Output every entry exactly, without any pictures.

↓

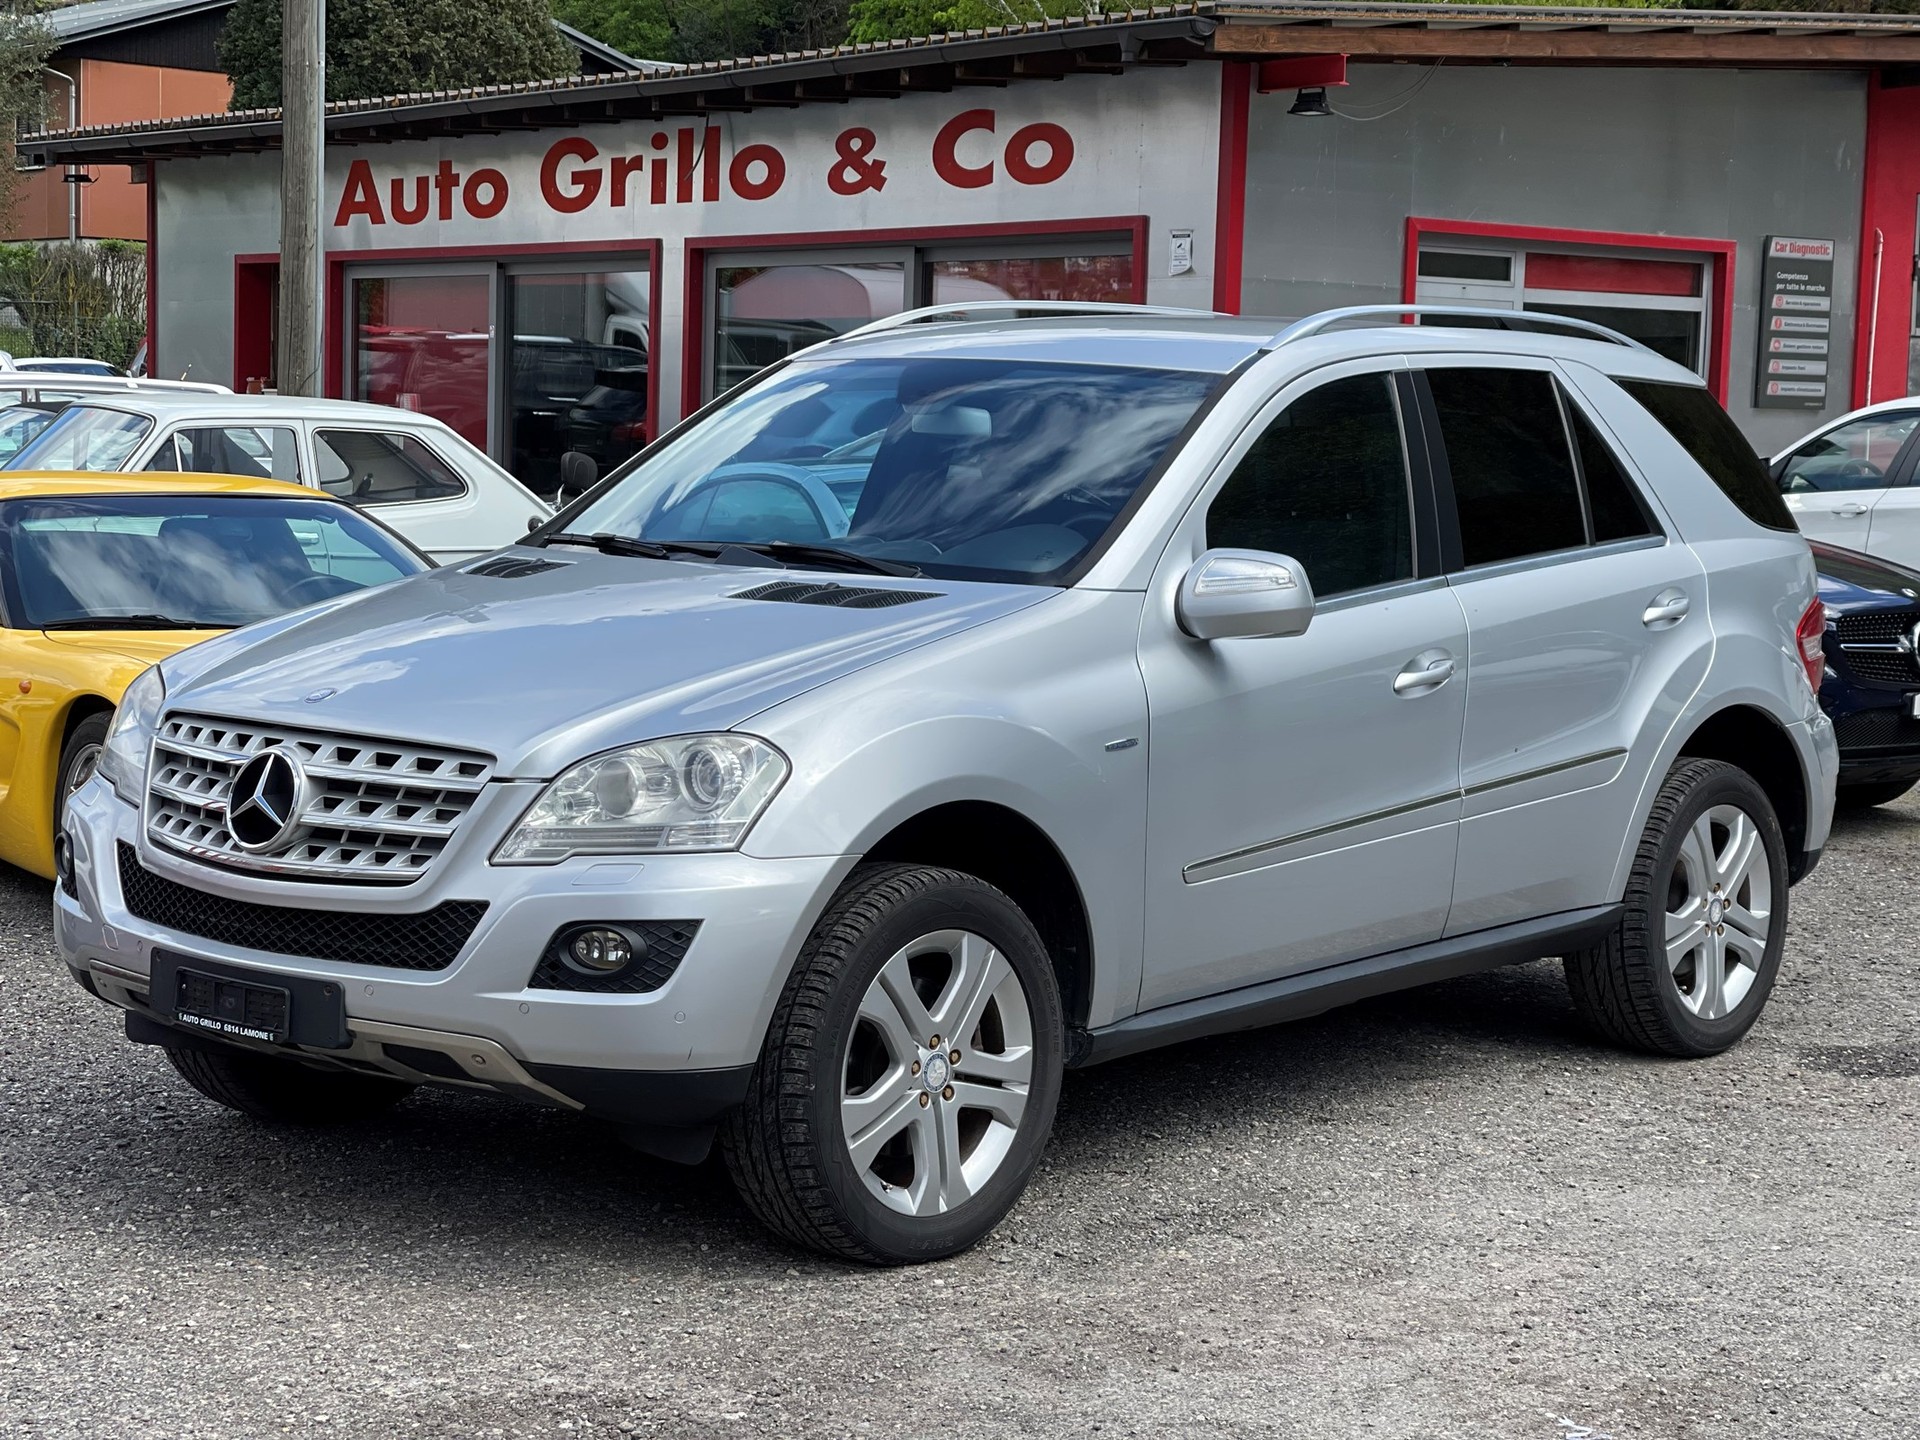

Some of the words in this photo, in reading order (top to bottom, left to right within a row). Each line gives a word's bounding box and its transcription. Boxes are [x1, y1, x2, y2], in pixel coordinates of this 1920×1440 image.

[334, 160, 509, 226] Auto
[540, 125, 786, 214] Grillo
[827, 127, 888, 196] &
[932, 108, 1075, 189] Co
[1775, 241, 1788, 253] Car
[1789, 242, 1830, 257] Diagnostic
[1776, 271, 1808, 280] Competenza
[1776, 283, 1786, 291] per
[1786, 283, 1800, 291] tutte
[1806, 284, 1826, 292] marche
[182, 1014, 199, 1024] AUTO
[200, 1018, 221, 1030] GRILLO
[223, 1023, 239, 1034] 6814
[240, 1027, 268, 1040] LAMONE

↑

Solution to this problem:
Some of the words in this photo, in reading order (top to bottom, left to right within a row). Each line gives a word's bounding box and its transcription. Boxes are [x1, y1, x2, y2], in pixel coordinates of this 1920×1440 image.

[334, 160, 509, 226] Auto
[540, 125, 786, 214] Grillo
[827, 127, 888, 196] &
[932, 108, 1075, 189] Co
[1775, 241, 1788, 253] Car
[1789, 242, 1830, 257] Diagnostic
[1776, 271, 1808, 280] Competenza
[1776, 283, 1786, 291] per
[1786, 283, 1800, 291] tutte
[1806, 284, 1826, 292] marche
[182, 1014, 199, 1024] AUTO
[200, 1018, 221, 1030] GRILLO
[223, 1023, 239, 1034] 6814
[240, 1027, 268, 1040] LAMONE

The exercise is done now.